WORK ITEM. Output all records exactly, with no images.

*** Opening of RECORDS TO USE ***

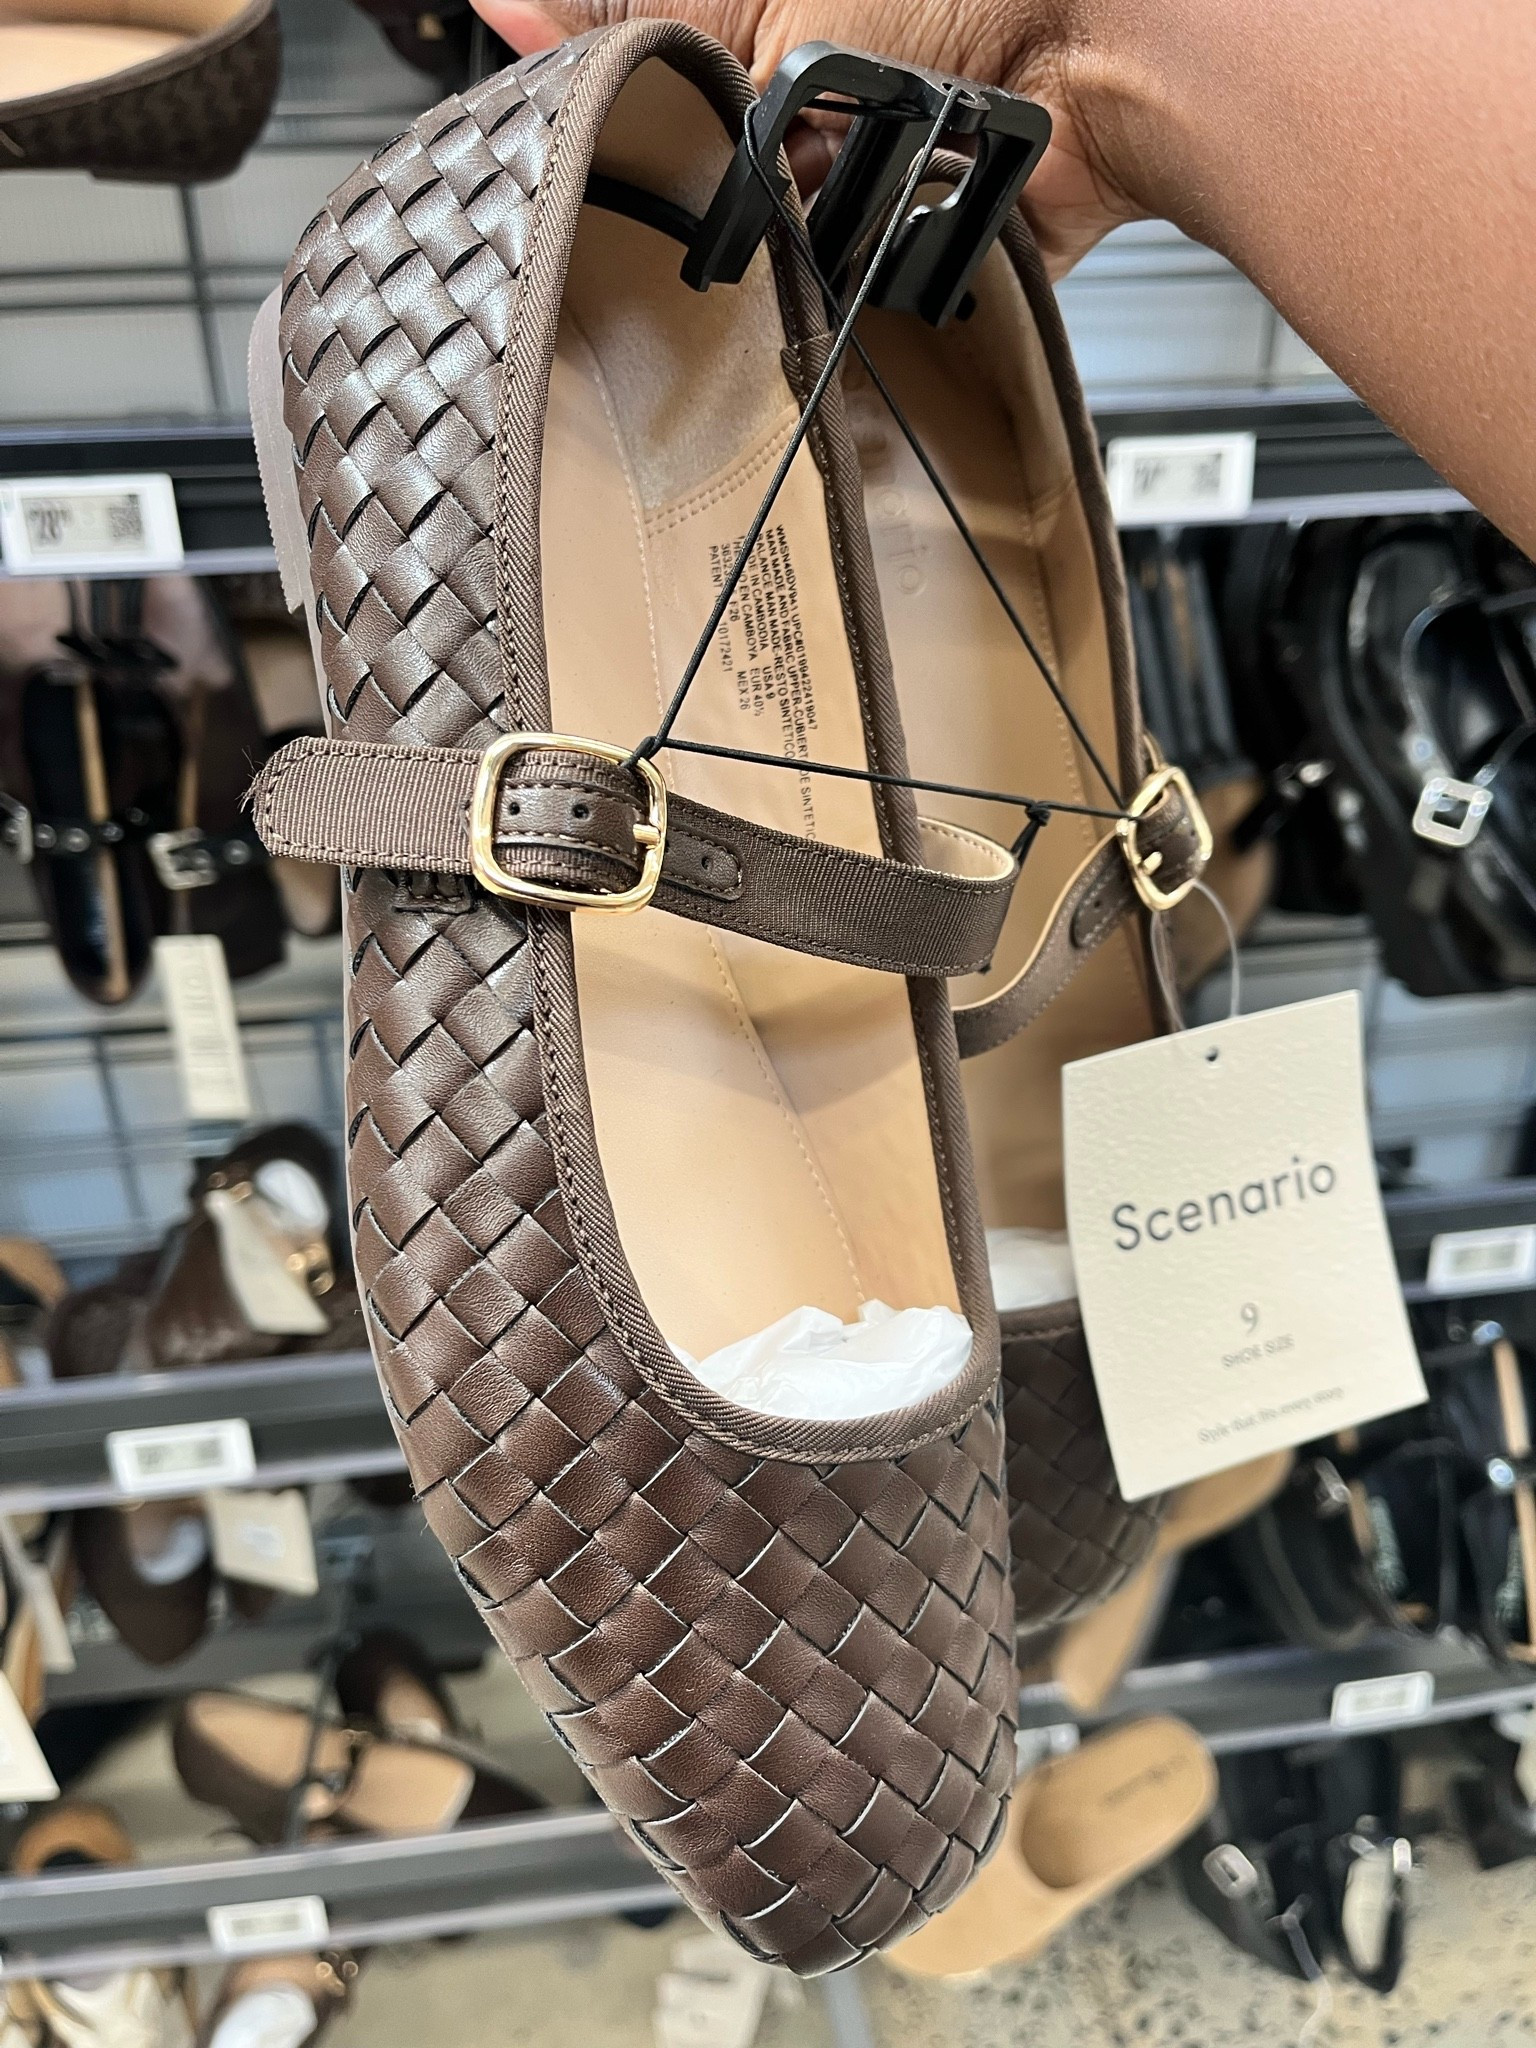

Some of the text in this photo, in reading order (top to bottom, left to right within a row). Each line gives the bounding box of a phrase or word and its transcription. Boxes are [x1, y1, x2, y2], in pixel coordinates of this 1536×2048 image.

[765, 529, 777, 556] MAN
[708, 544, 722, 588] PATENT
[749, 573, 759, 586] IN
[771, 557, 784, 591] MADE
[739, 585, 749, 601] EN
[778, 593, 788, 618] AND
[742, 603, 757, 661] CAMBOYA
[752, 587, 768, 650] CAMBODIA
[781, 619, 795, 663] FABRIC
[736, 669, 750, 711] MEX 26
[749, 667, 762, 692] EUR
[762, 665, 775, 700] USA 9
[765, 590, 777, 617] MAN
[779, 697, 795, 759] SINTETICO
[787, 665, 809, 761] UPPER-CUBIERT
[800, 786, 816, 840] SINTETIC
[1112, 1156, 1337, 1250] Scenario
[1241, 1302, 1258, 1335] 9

*** Close of RECORDS TO USE ***

TASK SOLUTION.
Some of the text in this photo, in reading order (top to bottom, left to right within a row). Each line gives the bounding box of a phrase or word and its transcription. Boxes are [x1, y1, x2, y2], in pixel coordinates of this 1536×2048 image.

[765, 529, 777, 556] MAN
[708, 544, 722, 588] PATENT
[749, 573, 759, 586] IN
[771, 557, 784, 591] MADE
[739, 585, 749, 601] EN
[778, 593, 788, 618] AND
[742, 603, 757, 661] CAMBOYA
[752, 587, 768, 650] CAMBODIA
[781, 619, 795, 663] FABRIC
[736, 669, 750, 711] MEX 26
[749, 667, 762, 692] EUR
[762, 665, 775, 700] USA 9
[765, 590, 777, 617] MAN
[779, 697, 795, 759] SINTETICO
[787, 665, 809, 761] UPPER-CUBIERT
[800, 786, 816, 840] SINTETIC
[1112, 1156, 1337, 1250] Scenario
[1241, 1302, 1258, 1335] 9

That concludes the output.